In the early 1990s, Hill was involved with one of the earliest comprehensive operating standards for responsibility and sustainability throughout the product lifecycle while at Levi Strauss & Co, called their Terms of Engagement (TOE), which has influenced her current advocacy through her EDGE fashion intelligence platform.

=== Fashion history ===
Hill is also noted for her historical projects conducted yearly for the United States Black History Month in February that receive wide distribution in the fashion industry. Topics include surveys of African designers, the African diaspora, the Afropolitan, and studies like A Study of Eight: The Untold American Story which covered neglected achievements of Blacks involved in the history of American fashion from early Black ownership of American cotton mills to the role of Black models and designs in the 1973 Battle of Versailles that altered the status of American fashion design worldwide.

== Curatorial work ==
Hill is a proponent of fashion exhibits as a means of exposing fashion as an art within a contemporary and cultural context. Hill states that "Like art, fashion embodies the time we live in and society bears witness to the interpretation of its historical and cultural significance."
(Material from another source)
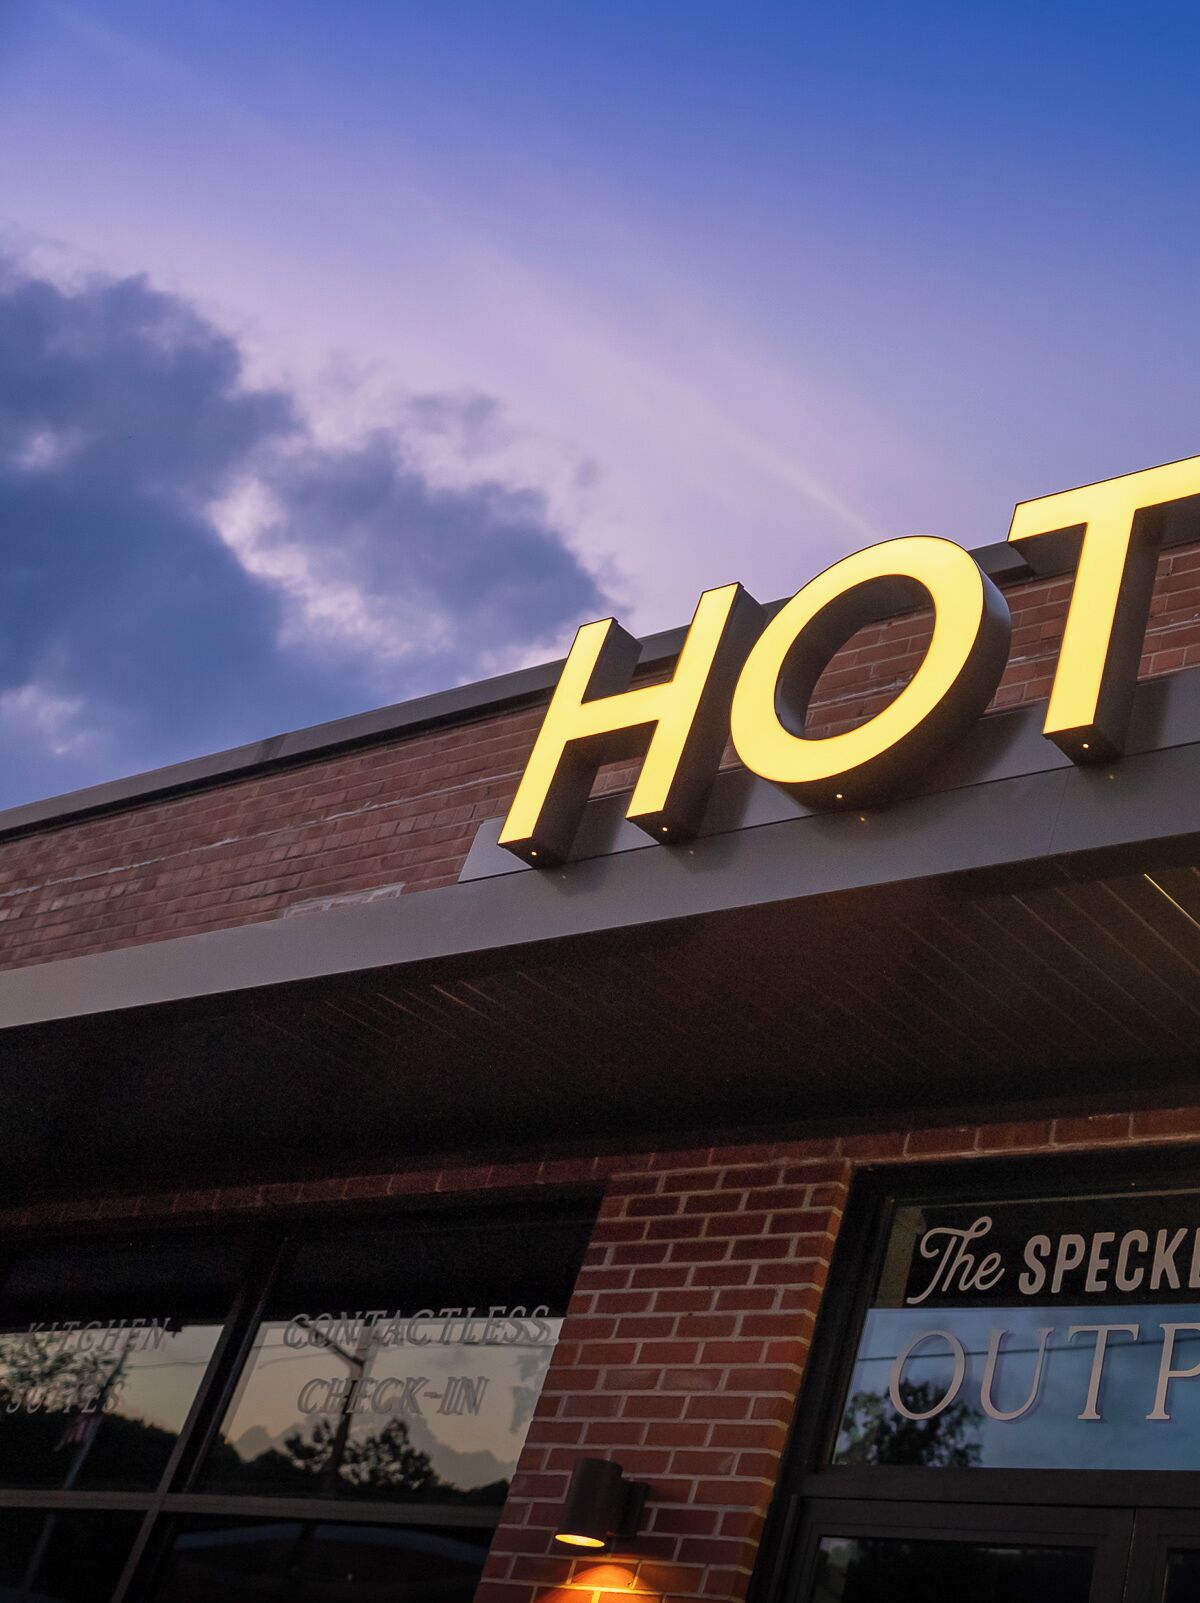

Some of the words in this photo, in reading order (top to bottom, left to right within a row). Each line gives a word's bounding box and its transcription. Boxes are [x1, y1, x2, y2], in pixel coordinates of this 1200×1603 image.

Hill curated the exhibition Blurred Boundaries: Fashion as an Art, that opened on September 21, 2018, at the GraySpace Gallery, Santa Barbara, California, featuring the designers Tingyue Jiang, Alena Kalana, Susan Tancer, and Hera Zhou. Hill claims that fashion is an artistic expression as valid as sculpture and painting.

== Personal life ==
Rhonda P. Hill lives in Portland, Oregon with her husband, visual artist, Erik Reel.